Leaders who guide their teams to the best outcomes are people who have deep EQ knowledge of themselves and how it applies to interacting with others. To make your leadership more impactful in the year ahead, tap into your communication content expertise to hone and grow your EQ skills.

Develop a Growth Mindset: Because Learning Is Leading

When reading the phrase “growth mindset,” you may have just thought to yourself, “Well, I’m a learning professional, so by default, I’ve got this one down!” I’d push back to ask you to take stock of your growth mindset beyond the work environment. Your work schedule and industry should not restrict your growth mindset. A deep reservoir of life experiences, knowledge and skills serves you well in all settings.

Here are a few ways to spark ideas for how to keep that mindset growing:

  • Read books and articles of any genre or length outside of your professional area.
  • Try new foods and tastes, whether by cooking them yourself or exploring a restaurant you’ve not been to previously.
  • Ask others about their jobs and use follow-up questions to understand those situations better.

During the COVID-19 pandemic, social media abounded with people trying breadmaking, knitting, cooking or other hobbies for the first time. In addition, being in a different setting (home instead of the office) had the side effect of people trying things they had never done before with the result of new passions discovered, new peer groups blooming and new skills growing.

A growth mindset is about more than learning things that directly apply to your role or profession.

When you learn or try new things in general, you expand your thinking overall. Flex your brain muscles in different ways to be a leader who can deal with change and inspire creativity among those around you.

Goal Setting: Are We There Yet?

I heard that groan you just made when you read “goal setting” for a New Year’s article! Believe me, goal setting can feel like a nasty term. The word “goal” is tossed around so many business meetings that it almost feels like a myth or a joke.
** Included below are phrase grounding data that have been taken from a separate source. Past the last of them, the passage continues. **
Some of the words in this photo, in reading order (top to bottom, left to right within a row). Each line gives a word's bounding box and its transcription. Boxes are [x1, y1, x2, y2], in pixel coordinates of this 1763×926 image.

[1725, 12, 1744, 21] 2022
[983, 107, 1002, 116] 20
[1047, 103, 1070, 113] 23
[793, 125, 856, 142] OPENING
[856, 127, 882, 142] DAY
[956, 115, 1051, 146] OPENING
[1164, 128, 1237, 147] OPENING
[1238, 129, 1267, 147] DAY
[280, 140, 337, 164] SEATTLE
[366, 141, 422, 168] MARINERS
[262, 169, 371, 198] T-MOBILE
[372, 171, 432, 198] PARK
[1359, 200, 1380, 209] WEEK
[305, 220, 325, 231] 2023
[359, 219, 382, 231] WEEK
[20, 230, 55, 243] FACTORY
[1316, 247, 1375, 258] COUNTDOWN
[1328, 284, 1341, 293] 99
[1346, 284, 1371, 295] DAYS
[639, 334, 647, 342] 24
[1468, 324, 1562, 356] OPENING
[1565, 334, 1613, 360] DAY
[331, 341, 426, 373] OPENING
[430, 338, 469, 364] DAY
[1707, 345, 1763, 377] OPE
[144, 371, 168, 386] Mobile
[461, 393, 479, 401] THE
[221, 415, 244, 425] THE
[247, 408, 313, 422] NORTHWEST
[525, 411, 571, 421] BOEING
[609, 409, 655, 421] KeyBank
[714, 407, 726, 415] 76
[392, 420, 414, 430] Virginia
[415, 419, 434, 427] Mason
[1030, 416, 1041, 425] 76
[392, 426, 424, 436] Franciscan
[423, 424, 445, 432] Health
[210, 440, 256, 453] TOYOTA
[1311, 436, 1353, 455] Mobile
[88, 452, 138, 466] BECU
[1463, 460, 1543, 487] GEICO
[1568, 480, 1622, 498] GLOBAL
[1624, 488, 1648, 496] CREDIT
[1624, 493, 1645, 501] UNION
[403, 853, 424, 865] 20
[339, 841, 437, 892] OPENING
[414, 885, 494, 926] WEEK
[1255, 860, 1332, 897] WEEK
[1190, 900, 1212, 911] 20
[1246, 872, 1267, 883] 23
On top of that, January overflows with businesses and people flouting goals that, let’s be honest, have no hope of being realized.
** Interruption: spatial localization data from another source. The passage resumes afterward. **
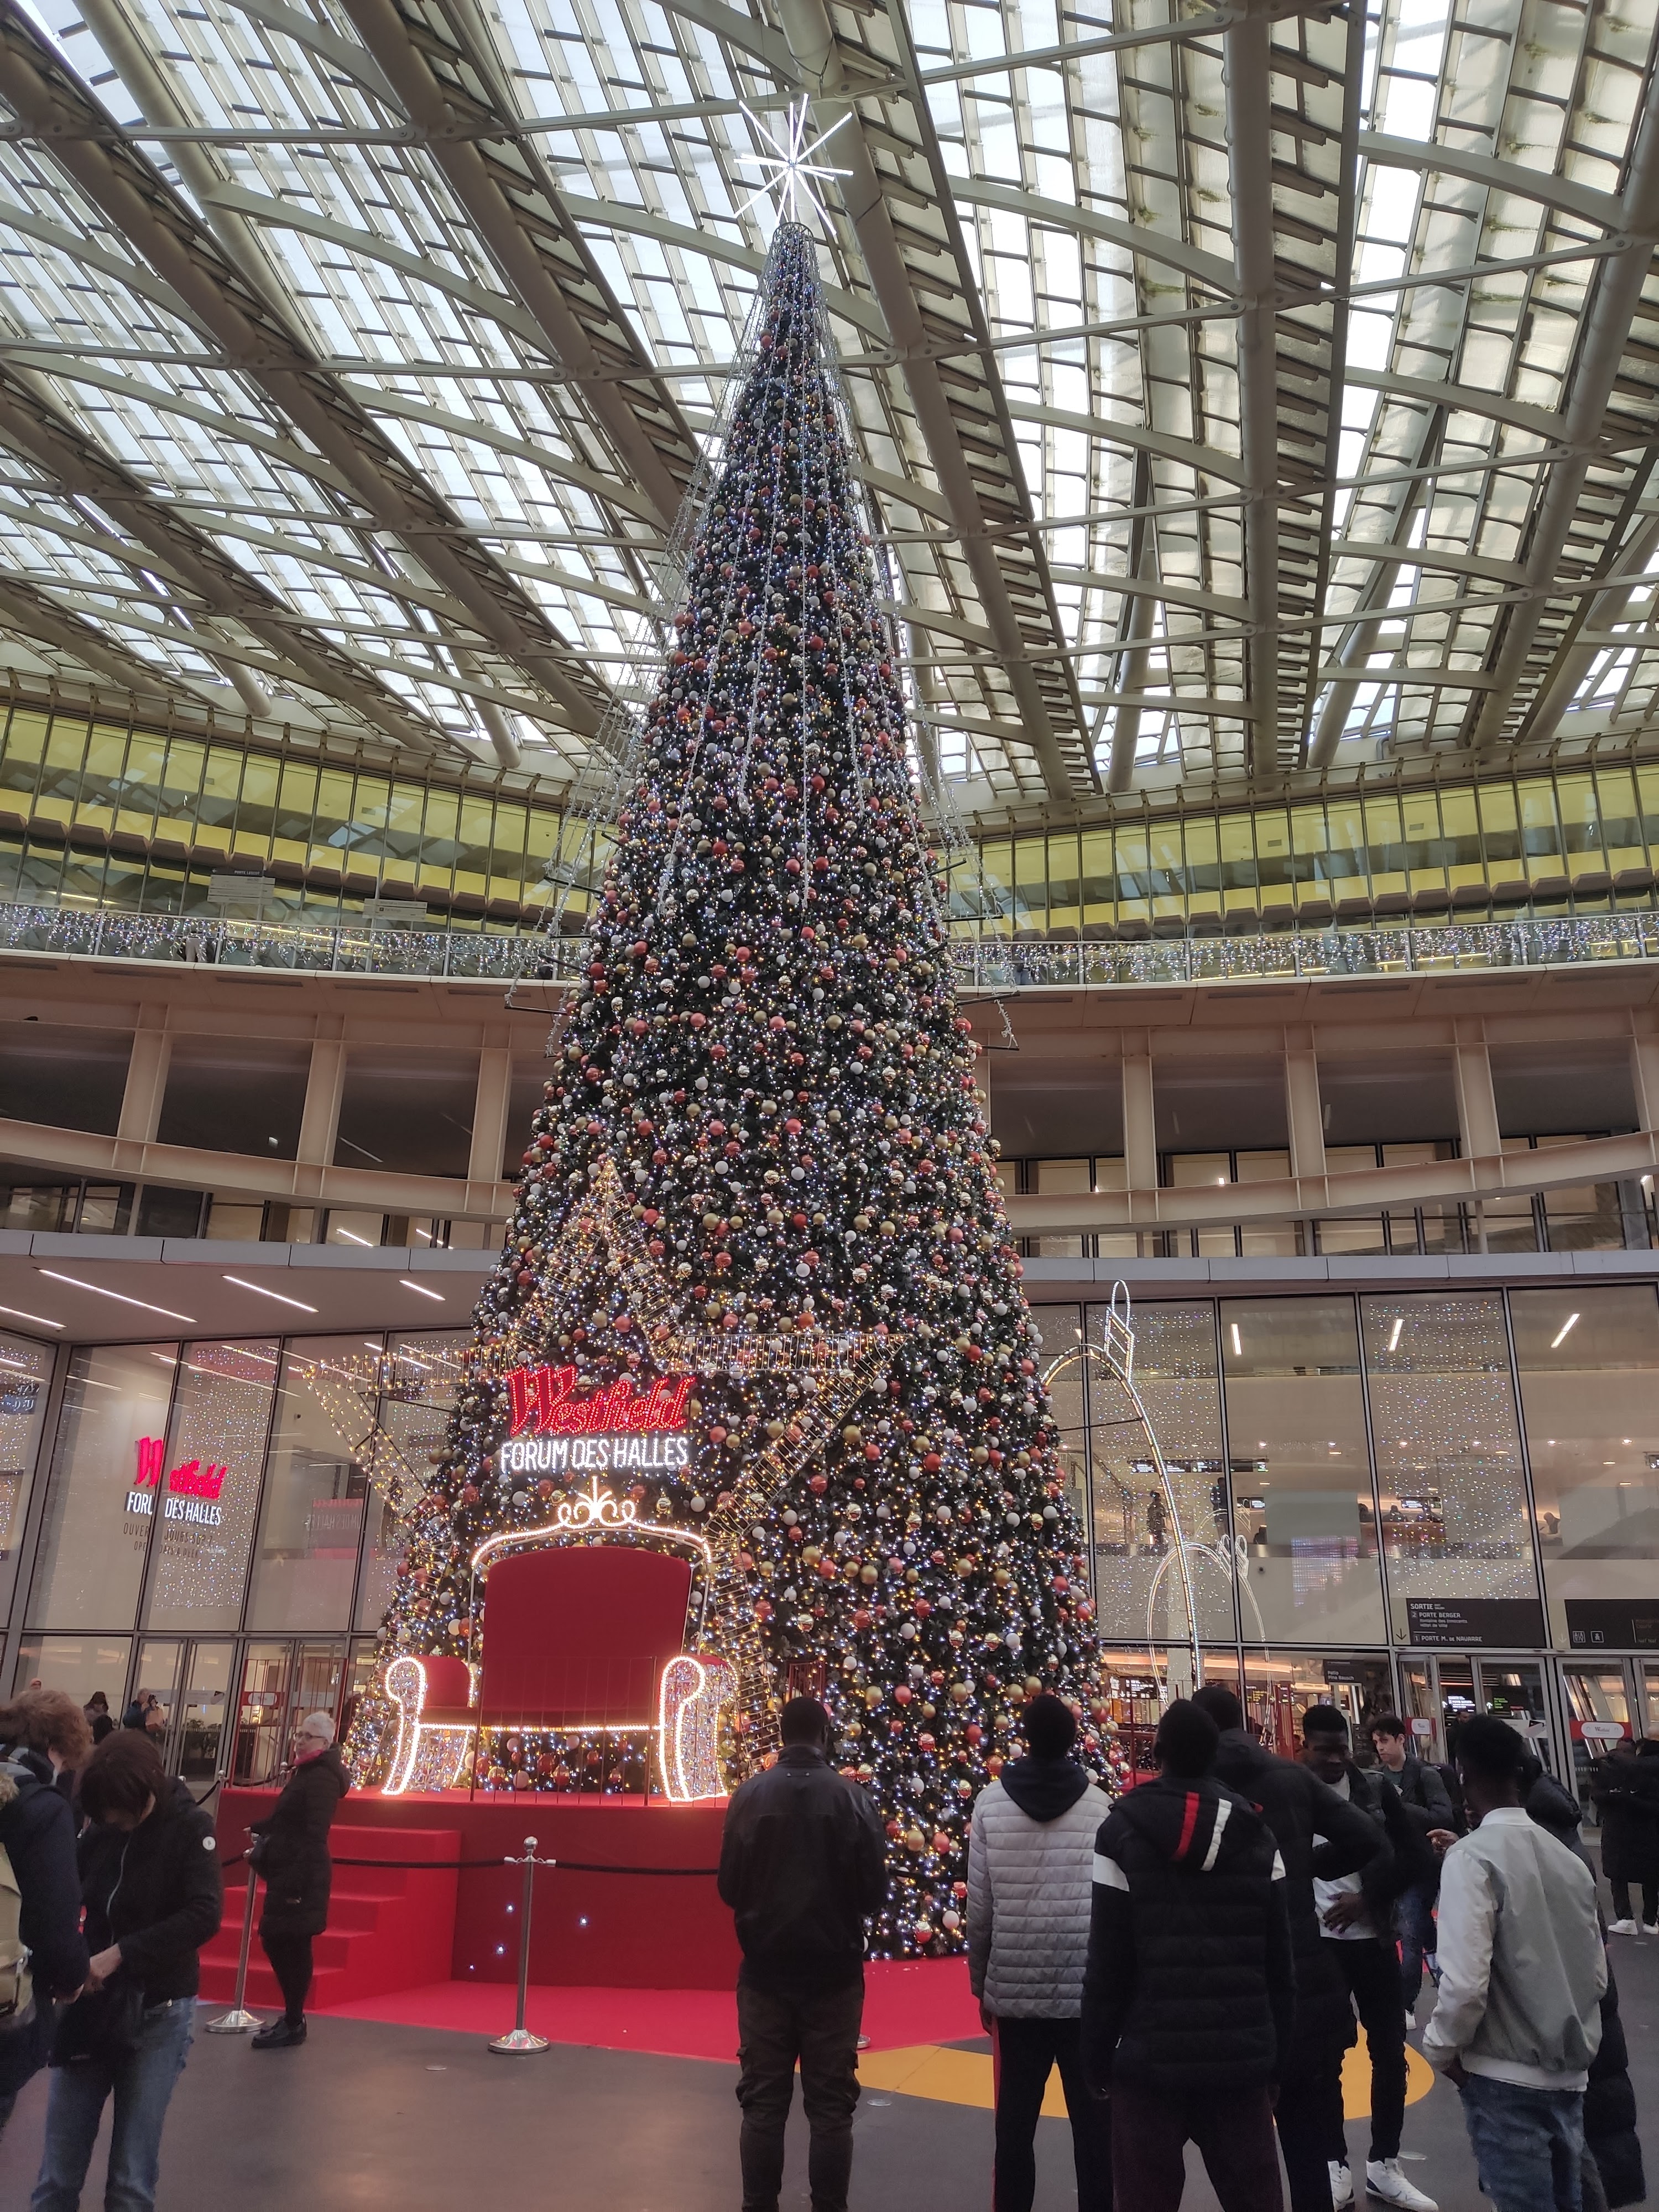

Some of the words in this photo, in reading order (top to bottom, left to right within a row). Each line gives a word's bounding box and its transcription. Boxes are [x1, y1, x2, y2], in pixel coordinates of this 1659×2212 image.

[505, 1365, 695, 1437] Westfield
[134, 1436, 228, 1500] Wstfield
[500, 1437, 569, 1474] FORUM
[572, 1438, 609, 1469] DES
[613, 1437, 689, 1468] HALLES
[165, 1498, 185, 1520] DES
[185, 1501, 222, 1526] HALLES
Join me, my fellow learning professionals, and use your critical thinking and prioritization skills to hone realistic and motivating professional goals!

  • Use short-term (i.e., one day a week) goals to stay motivated, such as reading one blog post or article each week (and you are doing that now, so great start!).
  • Have mid-term goals (i.e., monthly or quarterly) to make progress toward more in-depth or complex goals, like earning a new certificate or taking classes for a sport or craft.
  • Celebrate reaching both short- and mid-term goals — because small wins are still wins.

Incorporate activities that support emotional intelligence refinement and a growth mindset into your goals.

  • Participate in professional networking opportunities. Remember: Attendance does not equal participation, so see if you can talk with or connect with others to get the most out of the event.
  • Seek classes, activities and reading on a range of topics (including but not limited to learning topics).
  • Pursue coaching and mentoring for yourself to gain objective input on needed skill growth areas.

To avoid that feeling of “Are we there yet?”, give yourself a blend of goals that vary in duration and scope so that you can celebrate all year long. Creating attainable and impactful goals is a skill that all leaders need for their leadership work and to support their teams.

A New Year With Resolutions That Ring True

Do you have a New Year’s resolution to create New Year’s resolutions but haven’t gotten to it yet? Or does looking at that super long list of resolutions you made fill you with dread instead of excitement? Instead, approach this year’s professional development for yourself with a set of resolutions that will advance your leadership in the learning space: building your EQ, developing a growth mindset and goal setting.

Working with others, being an active learner and knowing where you are progressing, applies to your work as a learning professional in the work environment and beyond.